Saved data entries —
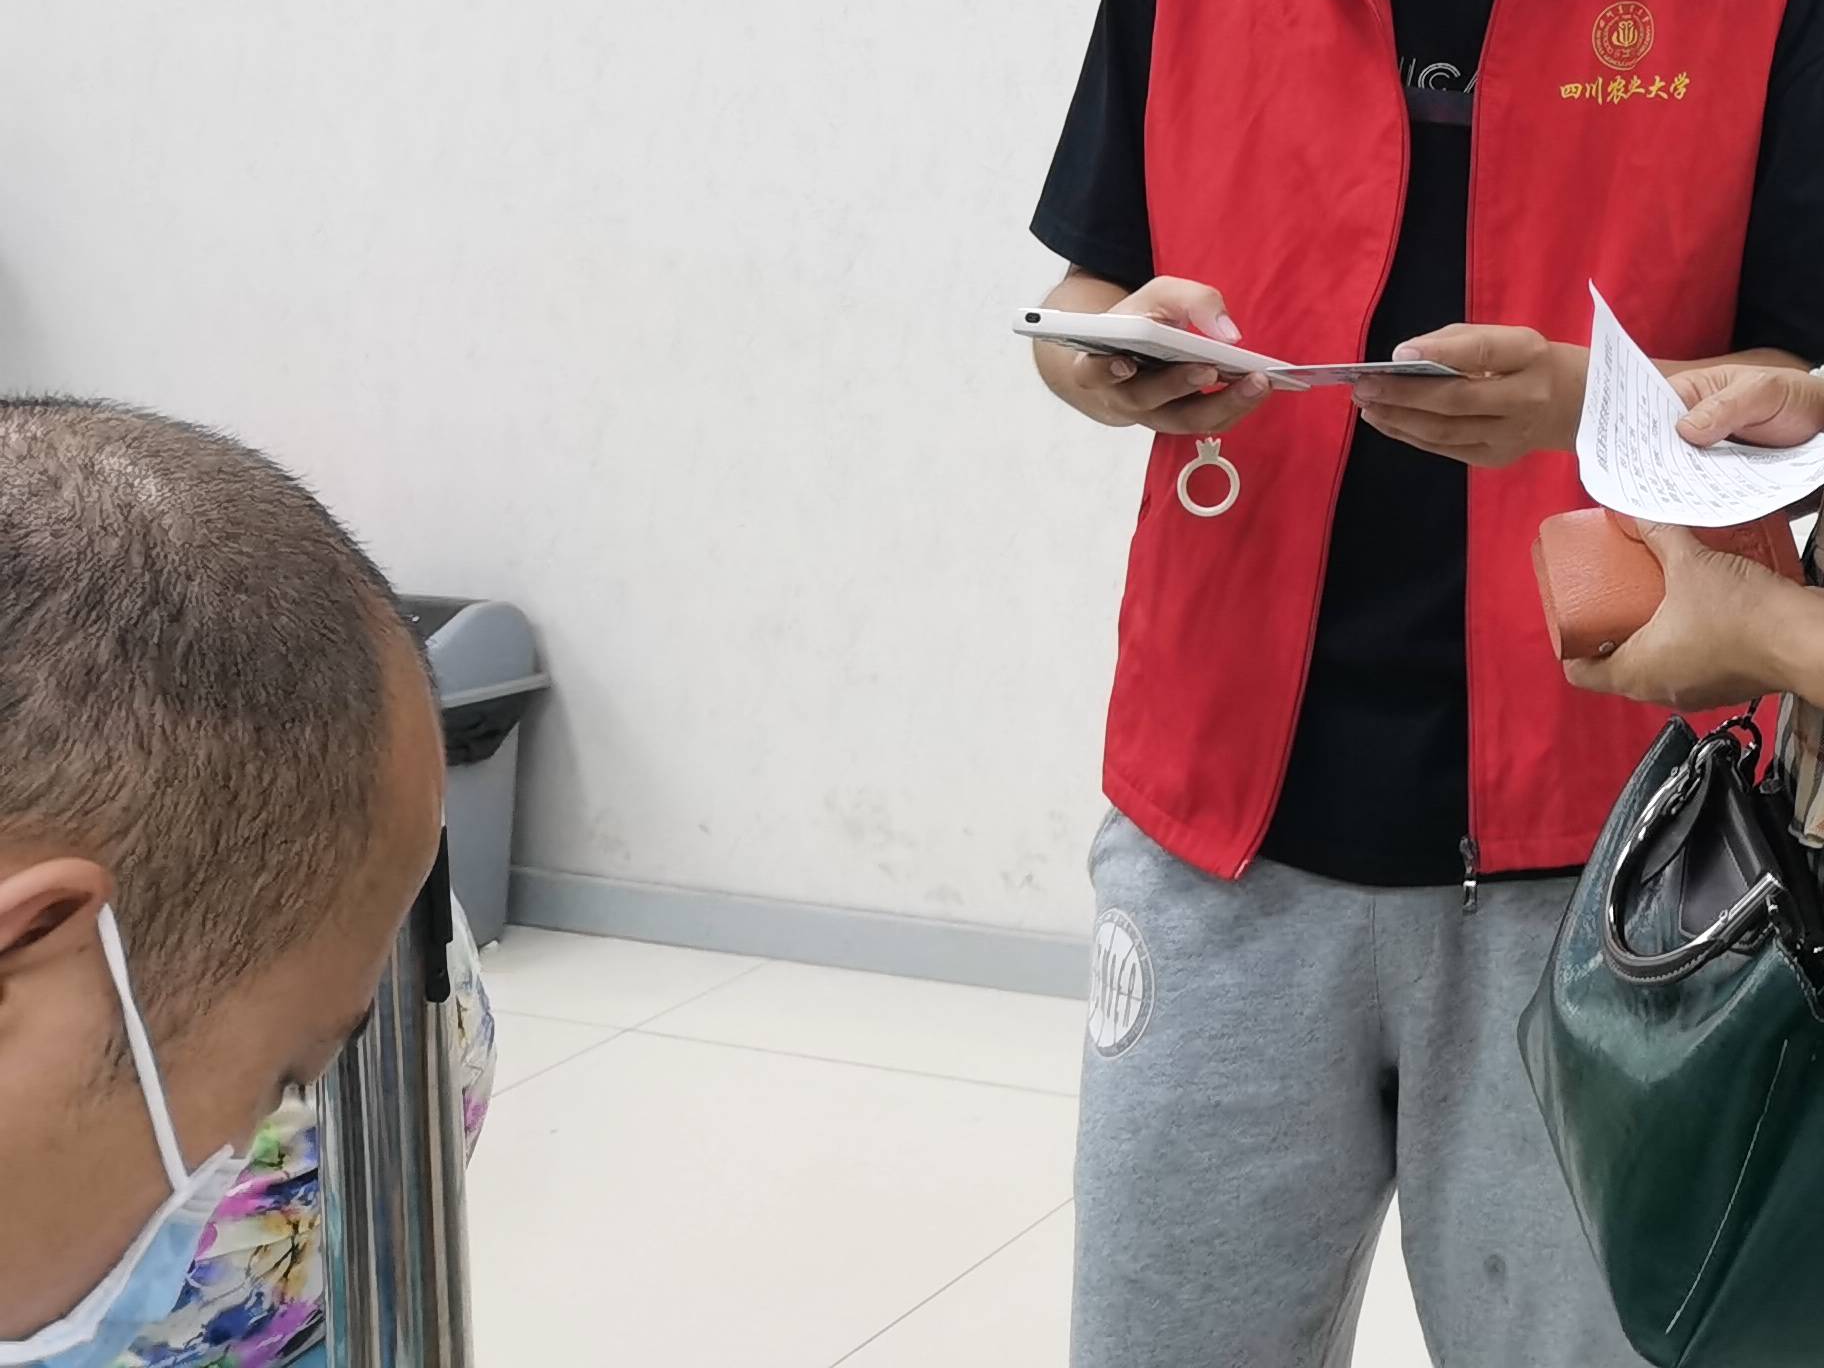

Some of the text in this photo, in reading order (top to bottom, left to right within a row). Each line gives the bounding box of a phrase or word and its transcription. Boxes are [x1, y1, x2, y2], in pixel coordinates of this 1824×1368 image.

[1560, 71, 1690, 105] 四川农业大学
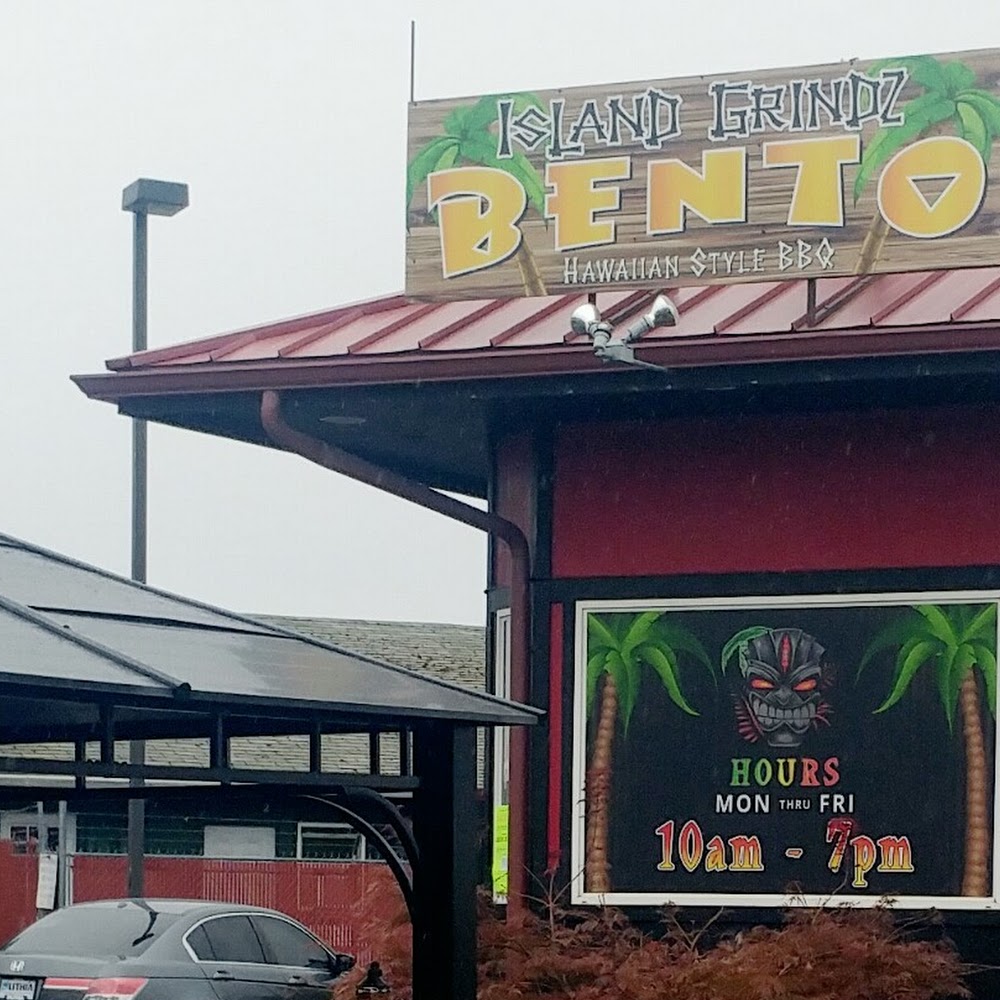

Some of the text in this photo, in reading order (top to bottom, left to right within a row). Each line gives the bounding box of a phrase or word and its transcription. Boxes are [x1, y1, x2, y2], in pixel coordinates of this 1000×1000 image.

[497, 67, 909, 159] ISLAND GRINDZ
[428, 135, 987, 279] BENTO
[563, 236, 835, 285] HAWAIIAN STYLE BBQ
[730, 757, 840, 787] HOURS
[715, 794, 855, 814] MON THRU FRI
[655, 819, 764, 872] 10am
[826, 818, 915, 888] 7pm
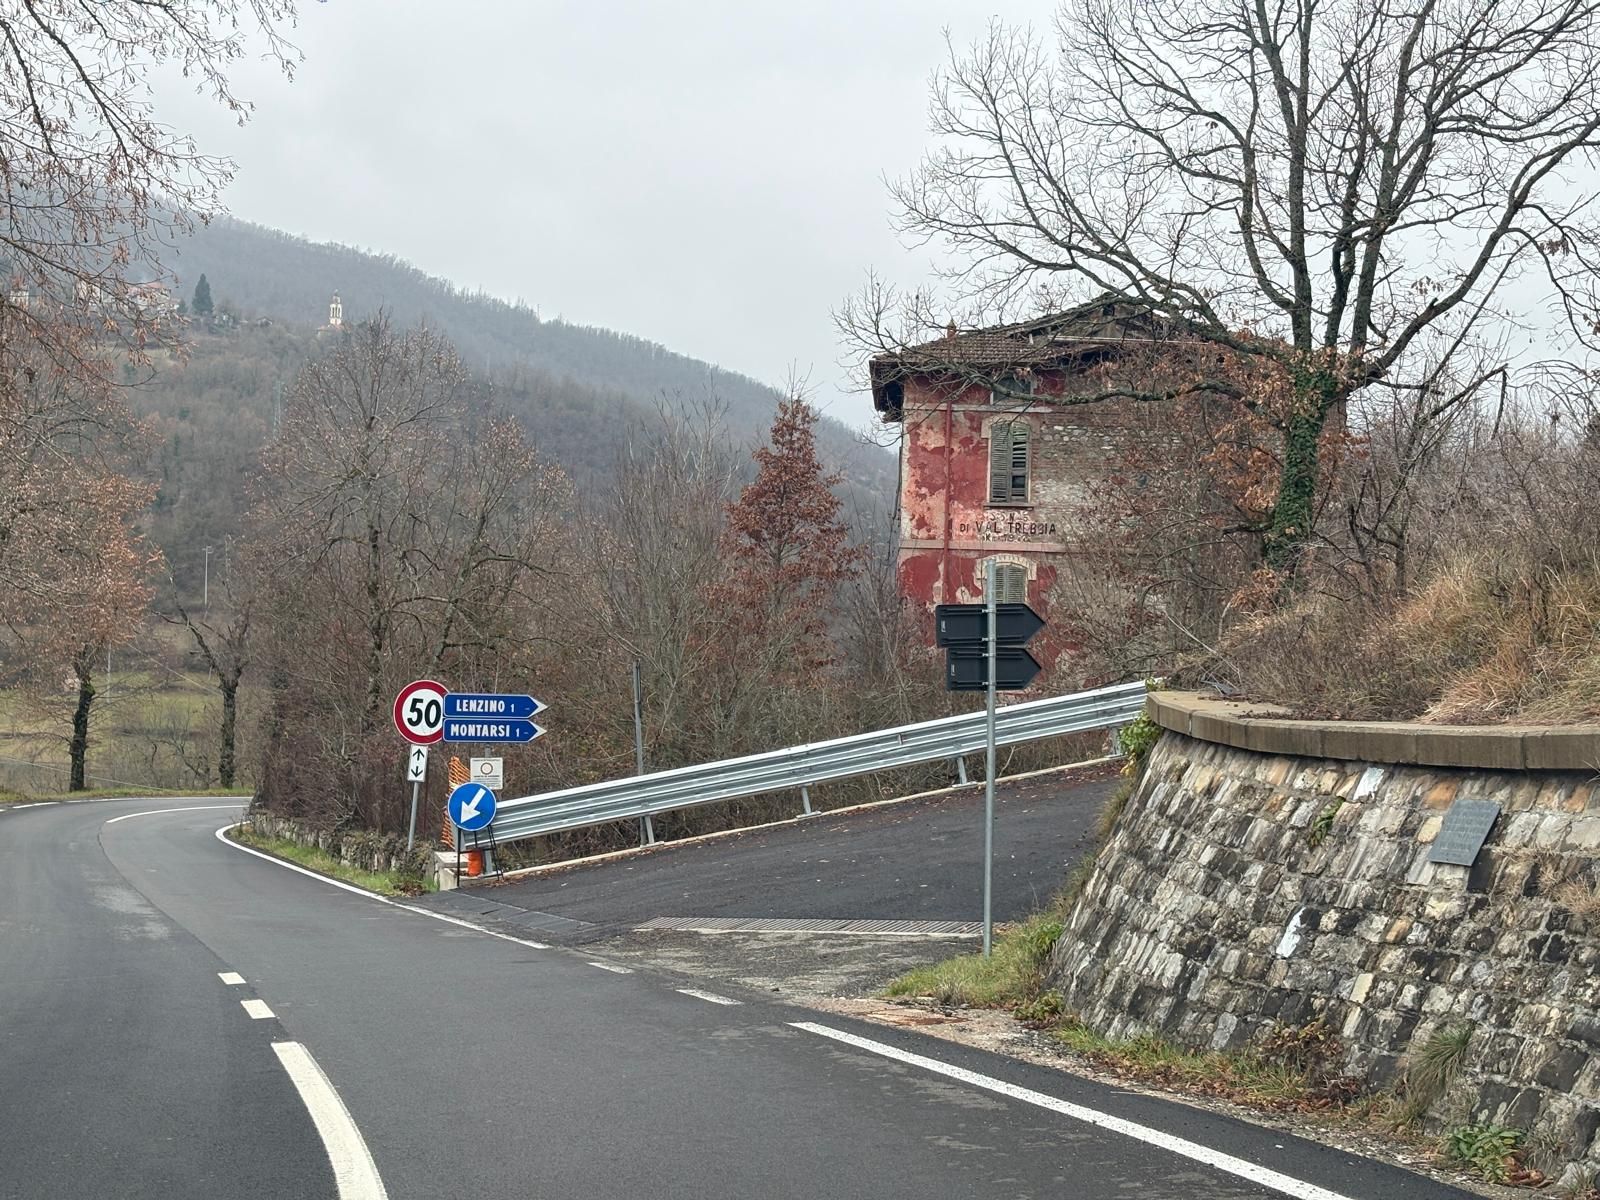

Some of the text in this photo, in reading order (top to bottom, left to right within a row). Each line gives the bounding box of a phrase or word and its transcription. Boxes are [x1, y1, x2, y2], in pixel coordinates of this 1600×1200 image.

TASK PROMPT —
Return a verbatim transcription of the data, omitting all images.

RESPONSE TO THE EXERCISE —
Some of the text in this photo, in reading order (top to bottom, left to right within a row). Each line gives the bounding box of a phrase or word and its transcription. Boxes are [x1, y1, x2, y2], in pixel coordinates of this 1824×1368 image.

[1560, 71, 1690, 105] 四川农业大学

Some of the text in this photo, in reading order (top to bottom, left to right within a row). Each line gives the bounding box of a phrase or word and its transcription. Boxes are [x1, y1, x2, y2], in pixel coordinates of this 1000×1000 image.

[497, 67, 909, 159] ISLAND GRINDZ
[428, 135, 987, 279] BENTO
[563, 236, 835, 285] HAWAIIAN STYLE BBQ
[730, 757, 840, 787] HOURS
[715, 794, 855, 814] MON THRU FRI
[655, 819, 764, 872] 10am
[826, 818, 915, 888] 7pm

Some of the text in this photo, in reading order (top to bottom, left to right within a row). Each line gives the bounding box of a phrase or word and its transcription. Boxes are [x1, y1, x2, y2], in pixel coordinates of this 1600×1200 image.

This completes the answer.